Entergy and the Environment
The American Power Act (Kerry-Lieberman bill)
“Senators Kerry and Lieberman are to be commended for their leadership in
introducing meaningful climate change legislation and, in doing so, helping
the United States take a major step forward in solving the biggest challenge
of our time. With vital assistance from Senator Graham, Senators Kerry and
Lieberman have provided the Senate with an excellent proposal for a
comprehensive legislative package that will reduce our country’s greenhouse
gas emissions.
“Entergy supports the bill’s market-based approach, which will put a price on
carbon dioxide. This is the most effective and efficient way of achieving
reduction of greenhouse gases and spurring innovation and investment into new
carbon-reducing technologies. The company also supports the bill’s incentives
for the development of retrofit carbon capture and sequestration technologies,
a critical component to effectively addressing emissions from this country’s
coal fleet and the world’s rapidly growing number of coal plants.

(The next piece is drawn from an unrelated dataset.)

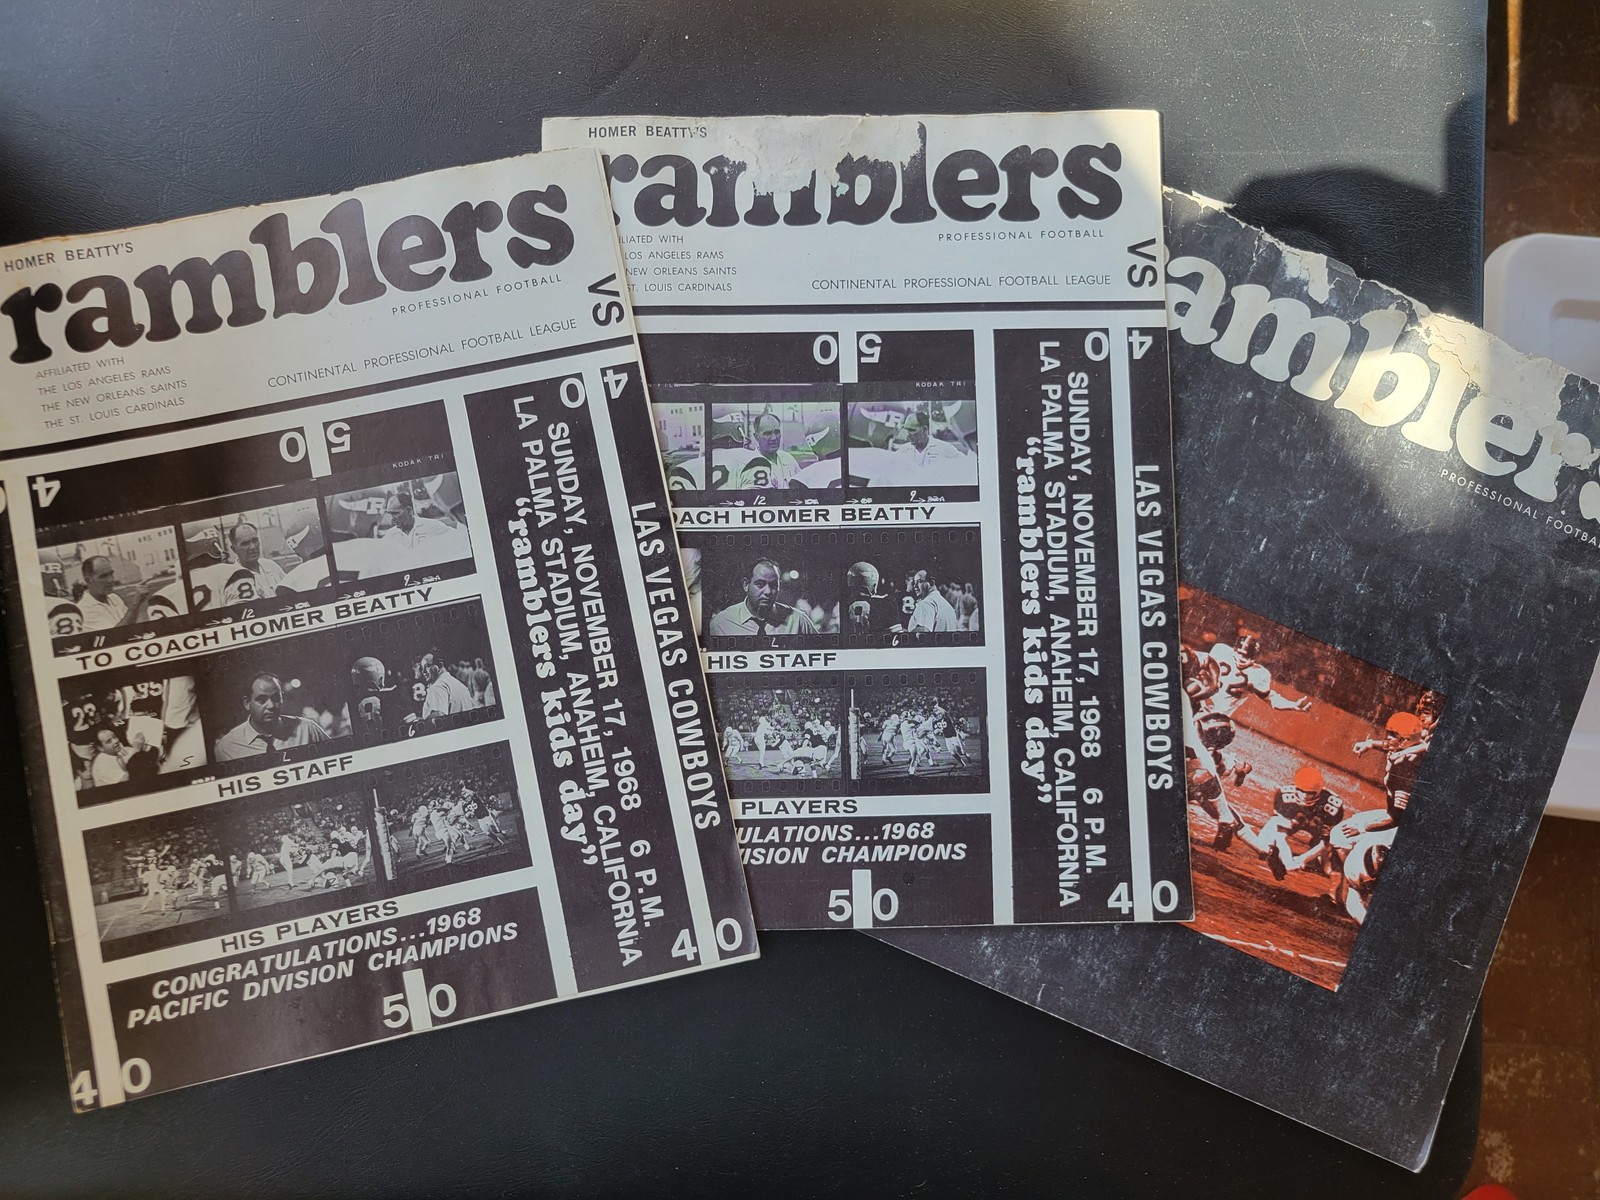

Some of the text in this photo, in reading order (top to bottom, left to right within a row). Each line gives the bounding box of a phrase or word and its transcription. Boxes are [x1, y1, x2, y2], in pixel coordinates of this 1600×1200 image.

Additionally, the bill’s hard price collar is a critical cost-control
mechanism that will provide an adequate and durable CO2 price signal while
preventing unacceptable CO2 price spikes. Finally, the bill’s provision to
provide additional assistance to low and middle income consumers is crucial to
preventing the regressive impacts of higher energy costs on American families.
“Entergy applauds Senators Kerry’s and Lieberman’s leadership and tireless
efforts to bring this proposal forward. We look forward to learning more about
the bill, and we hope that it becomes the basis for the enactment of
comprehensive climate change legislation.”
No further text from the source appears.